*** Opening of PROVIDED ENTRIES ***
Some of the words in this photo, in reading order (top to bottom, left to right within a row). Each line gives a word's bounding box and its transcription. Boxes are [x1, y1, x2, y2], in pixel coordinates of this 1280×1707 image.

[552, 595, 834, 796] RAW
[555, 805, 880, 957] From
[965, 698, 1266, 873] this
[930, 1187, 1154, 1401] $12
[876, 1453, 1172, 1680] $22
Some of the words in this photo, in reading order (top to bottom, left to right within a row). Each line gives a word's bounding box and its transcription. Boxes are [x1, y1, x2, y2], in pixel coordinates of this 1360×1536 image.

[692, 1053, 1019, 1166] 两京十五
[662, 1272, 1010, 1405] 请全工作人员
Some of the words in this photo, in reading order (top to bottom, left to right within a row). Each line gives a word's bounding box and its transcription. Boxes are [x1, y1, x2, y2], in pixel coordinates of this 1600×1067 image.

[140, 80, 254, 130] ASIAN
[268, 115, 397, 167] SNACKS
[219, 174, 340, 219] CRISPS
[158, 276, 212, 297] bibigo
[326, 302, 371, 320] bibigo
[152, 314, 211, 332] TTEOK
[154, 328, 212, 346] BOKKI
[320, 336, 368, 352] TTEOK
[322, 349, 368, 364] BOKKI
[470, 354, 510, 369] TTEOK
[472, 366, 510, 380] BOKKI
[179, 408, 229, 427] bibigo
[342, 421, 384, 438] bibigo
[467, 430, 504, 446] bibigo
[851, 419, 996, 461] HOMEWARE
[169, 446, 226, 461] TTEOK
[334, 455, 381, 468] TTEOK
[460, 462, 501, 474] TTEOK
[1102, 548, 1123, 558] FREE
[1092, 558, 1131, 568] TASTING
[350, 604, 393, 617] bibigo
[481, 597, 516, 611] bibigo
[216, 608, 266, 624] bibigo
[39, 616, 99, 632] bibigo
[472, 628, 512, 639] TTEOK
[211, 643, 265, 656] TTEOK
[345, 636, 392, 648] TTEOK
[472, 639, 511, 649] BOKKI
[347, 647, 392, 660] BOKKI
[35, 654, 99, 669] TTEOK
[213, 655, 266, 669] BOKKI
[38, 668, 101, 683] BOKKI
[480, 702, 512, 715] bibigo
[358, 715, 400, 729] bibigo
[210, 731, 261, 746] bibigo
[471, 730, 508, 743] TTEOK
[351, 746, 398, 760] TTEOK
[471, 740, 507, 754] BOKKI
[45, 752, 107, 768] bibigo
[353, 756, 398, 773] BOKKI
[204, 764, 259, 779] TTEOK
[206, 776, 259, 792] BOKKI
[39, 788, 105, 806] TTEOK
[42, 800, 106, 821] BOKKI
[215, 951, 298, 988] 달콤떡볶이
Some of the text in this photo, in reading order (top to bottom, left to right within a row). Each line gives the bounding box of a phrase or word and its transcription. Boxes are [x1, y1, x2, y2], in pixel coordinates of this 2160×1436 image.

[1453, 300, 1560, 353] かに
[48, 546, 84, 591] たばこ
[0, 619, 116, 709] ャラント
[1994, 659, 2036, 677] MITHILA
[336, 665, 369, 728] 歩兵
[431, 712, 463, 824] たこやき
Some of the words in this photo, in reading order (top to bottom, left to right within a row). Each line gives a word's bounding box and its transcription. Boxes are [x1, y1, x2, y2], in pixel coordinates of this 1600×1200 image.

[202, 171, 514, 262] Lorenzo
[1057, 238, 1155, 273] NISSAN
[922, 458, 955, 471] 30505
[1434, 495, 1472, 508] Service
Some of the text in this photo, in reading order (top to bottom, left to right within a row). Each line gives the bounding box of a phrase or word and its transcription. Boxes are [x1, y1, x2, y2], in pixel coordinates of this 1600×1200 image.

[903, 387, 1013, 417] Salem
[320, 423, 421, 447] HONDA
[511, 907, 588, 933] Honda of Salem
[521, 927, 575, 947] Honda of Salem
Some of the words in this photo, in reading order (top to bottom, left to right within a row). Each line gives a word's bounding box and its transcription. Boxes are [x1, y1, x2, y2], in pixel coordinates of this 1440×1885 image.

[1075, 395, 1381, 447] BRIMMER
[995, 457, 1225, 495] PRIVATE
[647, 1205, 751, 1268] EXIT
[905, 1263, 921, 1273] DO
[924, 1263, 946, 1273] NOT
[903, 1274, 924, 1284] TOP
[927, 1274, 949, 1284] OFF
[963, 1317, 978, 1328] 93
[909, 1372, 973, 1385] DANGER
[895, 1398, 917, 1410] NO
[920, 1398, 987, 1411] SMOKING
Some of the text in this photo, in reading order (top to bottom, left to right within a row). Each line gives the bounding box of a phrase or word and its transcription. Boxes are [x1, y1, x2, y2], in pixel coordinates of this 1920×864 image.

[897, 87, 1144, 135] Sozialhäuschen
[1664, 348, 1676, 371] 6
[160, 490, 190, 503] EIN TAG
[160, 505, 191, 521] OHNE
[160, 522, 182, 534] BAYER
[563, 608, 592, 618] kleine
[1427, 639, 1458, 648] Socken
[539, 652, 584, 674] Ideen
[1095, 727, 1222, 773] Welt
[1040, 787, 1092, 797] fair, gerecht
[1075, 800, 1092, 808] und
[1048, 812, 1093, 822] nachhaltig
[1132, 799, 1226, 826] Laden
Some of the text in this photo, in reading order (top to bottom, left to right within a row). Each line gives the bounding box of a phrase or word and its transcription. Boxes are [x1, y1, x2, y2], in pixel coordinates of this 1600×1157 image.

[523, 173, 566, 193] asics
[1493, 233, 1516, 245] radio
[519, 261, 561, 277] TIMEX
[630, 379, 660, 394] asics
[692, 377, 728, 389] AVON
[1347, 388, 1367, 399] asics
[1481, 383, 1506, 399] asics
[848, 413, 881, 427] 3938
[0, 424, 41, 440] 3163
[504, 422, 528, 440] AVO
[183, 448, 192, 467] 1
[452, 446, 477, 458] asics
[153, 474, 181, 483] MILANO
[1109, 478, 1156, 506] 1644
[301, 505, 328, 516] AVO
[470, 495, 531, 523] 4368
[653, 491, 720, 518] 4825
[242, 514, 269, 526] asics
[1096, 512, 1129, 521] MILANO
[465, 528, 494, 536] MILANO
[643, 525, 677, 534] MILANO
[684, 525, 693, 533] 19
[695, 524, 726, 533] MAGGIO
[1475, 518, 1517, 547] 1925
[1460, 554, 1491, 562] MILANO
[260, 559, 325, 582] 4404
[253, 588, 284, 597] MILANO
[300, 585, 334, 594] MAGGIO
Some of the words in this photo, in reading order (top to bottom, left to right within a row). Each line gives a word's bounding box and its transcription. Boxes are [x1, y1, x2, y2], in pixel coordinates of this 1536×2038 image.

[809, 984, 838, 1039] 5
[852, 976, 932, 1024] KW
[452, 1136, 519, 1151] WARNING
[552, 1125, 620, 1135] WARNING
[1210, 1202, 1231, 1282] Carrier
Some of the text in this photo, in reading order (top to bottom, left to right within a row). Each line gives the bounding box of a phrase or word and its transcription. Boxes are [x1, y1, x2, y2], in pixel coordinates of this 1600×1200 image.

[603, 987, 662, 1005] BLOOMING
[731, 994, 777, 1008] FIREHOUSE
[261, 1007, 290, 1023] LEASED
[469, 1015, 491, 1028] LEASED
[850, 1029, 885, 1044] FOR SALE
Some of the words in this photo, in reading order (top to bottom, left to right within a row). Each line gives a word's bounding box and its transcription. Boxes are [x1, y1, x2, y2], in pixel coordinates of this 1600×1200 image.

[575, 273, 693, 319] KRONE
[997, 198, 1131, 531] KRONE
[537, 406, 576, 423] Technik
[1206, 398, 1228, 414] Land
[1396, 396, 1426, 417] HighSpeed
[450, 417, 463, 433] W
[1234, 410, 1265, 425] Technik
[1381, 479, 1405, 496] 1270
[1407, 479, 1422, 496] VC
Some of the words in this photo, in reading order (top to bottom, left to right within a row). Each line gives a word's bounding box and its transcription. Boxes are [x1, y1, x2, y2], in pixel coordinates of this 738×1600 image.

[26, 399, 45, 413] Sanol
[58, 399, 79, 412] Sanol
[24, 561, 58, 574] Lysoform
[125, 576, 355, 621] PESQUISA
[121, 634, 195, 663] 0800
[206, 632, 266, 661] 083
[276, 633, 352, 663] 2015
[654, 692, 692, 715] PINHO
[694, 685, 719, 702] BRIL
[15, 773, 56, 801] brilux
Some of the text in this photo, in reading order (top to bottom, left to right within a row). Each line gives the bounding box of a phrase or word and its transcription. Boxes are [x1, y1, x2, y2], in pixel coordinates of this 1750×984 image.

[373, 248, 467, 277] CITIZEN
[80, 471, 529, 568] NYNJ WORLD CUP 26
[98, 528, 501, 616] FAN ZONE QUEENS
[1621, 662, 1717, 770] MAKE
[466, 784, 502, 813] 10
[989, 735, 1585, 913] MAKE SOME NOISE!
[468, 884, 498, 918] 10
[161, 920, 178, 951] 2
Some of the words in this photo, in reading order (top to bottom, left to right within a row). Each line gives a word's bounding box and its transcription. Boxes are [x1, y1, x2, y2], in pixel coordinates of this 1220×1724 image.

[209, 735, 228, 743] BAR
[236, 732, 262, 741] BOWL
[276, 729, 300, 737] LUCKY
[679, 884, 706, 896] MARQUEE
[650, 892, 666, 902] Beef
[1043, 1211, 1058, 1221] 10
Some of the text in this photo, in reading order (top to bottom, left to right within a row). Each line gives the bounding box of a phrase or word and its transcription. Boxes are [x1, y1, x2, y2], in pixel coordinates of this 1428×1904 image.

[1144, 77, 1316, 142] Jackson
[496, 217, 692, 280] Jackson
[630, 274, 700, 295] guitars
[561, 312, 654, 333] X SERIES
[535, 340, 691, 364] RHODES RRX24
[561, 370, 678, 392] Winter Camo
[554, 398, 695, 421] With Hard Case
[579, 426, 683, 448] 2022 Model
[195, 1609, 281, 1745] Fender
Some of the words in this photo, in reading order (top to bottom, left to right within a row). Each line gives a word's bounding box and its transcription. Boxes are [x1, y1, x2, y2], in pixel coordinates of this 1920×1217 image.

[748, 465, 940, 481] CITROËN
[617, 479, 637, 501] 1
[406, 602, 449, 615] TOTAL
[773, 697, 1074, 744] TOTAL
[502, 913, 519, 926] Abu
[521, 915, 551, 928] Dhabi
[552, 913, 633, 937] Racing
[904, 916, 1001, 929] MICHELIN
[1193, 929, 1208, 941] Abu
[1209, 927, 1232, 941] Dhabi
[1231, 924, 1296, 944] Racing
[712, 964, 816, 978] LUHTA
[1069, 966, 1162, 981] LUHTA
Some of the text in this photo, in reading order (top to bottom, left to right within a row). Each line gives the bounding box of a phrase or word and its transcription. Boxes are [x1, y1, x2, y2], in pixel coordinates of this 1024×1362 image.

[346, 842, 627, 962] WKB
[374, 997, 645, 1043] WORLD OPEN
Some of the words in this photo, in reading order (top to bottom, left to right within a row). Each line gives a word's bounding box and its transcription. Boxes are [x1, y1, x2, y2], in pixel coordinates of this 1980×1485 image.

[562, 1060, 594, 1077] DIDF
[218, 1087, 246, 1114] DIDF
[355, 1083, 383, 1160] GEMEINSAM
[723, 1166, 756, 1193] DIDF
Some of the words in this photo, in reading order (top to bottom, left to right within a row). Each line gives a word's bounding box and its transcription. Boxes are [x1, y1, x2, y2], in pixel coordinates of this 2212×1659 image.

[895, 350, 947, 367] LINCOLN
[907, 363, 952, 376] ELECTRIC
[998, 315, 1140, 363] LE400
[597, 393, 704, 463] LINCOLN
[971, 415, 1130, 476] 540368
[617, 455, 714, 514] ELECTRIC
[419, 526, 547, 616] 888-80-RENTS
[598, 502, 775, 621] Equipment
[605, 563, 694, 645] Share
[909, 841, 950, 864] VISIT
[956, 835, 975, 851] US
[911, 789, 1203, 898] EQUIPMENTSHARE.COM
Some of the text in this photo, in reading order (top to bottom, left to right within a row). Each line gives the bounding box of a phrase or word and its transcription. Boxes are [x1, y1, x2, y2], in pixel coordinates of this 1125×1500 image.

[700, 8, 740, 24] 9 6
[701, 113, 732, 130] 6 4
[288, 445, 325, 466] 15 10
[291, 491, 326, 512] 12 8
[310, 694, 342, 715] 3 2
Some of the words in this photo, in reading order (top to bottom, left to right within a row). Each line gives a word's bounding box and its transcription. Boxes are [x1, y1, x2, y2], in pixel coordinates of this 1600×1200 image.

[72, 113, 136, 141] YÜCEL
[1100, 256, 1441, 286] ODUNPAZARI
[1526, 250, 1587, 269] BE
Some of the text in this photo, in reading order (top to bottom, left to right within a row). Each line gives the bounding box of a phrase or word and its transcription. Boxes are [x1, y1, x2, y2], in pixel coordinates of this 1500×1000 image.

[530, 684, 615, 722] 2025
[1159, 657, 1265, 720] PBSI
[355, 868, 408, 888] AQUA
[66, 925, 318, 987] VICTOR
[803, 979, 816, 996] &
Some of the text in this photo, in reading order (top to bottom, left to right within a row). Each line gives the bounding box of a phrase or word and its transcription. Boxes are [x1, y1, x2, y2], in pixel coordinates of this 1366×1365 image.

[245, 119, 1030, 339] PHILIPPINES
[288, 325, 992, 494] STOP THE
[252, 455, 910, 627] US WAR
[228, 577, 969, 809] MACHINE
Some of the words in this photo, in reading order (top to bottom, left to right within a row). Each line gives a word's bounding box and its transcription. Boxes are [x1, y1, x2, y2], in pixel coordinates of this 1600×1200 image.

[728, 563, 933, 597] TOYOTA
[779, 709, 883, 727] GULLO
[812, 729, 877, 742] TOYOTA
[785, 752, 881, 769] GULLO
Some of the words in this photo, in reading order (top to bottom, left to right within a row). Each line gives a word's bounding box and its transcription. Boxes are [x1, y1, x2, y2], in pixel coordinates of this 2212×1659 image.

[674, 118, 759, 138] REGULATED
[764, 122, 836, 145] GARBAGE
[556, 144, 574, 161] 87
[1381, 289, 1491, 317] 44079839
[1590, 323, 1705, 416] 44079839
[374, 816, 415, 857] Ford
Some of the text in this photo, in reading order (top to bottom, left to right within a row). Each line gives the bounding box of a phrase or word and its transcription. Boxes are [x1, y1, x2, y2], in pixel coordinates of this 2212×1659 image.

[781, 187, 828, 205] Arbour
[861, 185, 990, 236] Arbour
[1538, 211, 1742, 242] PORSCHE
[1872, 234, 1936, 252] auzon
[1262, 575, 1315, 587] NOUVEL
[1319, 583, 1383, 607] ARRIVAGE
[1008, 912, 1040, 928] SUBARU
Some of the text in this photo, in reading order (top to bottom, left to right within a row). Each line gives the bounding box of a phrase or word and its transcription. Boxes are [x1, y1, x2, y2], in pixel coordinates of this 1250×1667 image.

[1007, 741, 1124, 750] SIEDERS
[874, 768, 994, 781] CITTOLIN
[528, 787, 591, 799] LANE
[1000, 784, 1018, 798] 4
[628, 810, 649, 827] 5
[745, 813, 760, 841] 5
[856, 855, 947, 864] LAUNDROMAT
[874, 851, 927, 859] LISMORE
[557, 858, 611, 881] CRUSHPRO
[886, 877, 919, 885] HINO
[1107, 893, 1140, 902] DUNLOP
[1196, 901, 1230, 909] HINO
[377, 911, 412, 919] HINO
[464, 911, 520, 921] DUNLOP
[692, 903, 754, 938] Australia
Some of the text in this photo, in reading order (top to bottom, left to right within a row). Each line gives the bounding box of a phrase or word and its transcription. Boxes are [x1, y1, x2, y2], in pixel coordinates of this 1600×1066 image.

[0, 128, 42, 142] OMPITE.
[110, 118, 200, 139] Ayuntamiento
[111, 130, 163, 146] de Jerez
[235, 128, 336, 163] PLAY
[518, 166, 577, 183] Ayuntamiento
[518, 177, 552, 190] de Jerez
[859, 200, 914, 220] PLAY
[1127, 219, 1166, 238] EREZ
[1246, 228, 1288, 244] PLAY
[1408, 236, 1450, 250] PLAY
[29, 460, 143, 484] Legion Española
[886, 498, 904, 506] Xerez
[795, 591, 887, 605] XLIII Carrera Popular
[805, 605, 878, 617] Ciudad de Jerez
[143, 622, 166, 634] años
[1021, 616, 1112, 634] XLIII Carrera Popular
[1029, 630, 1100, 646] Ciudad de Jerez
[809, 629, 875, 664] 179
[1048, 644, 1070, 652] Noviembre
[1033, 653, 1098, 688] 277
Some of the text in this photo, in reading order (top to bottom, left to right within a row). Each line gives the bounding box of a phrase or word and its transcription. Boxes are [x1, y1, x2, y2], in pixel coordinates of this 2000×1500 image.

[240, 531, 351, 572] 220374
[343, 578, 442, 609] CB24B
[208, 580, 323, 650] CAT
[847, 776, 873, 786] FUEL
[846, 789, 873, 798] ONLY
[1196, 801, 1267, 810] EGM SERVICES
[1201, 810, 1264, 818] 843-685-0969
*** Close of PROVIDED ENTRIES ***
Nothing should appear in the answer except the lines from the one containing "this 2000×1500 image." to the end of the data above, reproduced exactly.

Some of the text in this photo, in reading order (top to bottom, left to right within a row). Each line gives the bounding box of a phrase or word and its transcription. Boxes are [x1, y1, x2, y2], in pixel coordinates of this 2000×1500 image.

[240, 531, 351, 572] 220374
[343, 578, 442, 609] CB24B
[208, 580, 323, 650] CAT
[847, 776, 873, 786] FUEL
[846, 789, 873, 798] ONLY
[1196, 801, 1267, 810] EGM SERVICES
[1201, 810, 1264, 818] 843-685-0969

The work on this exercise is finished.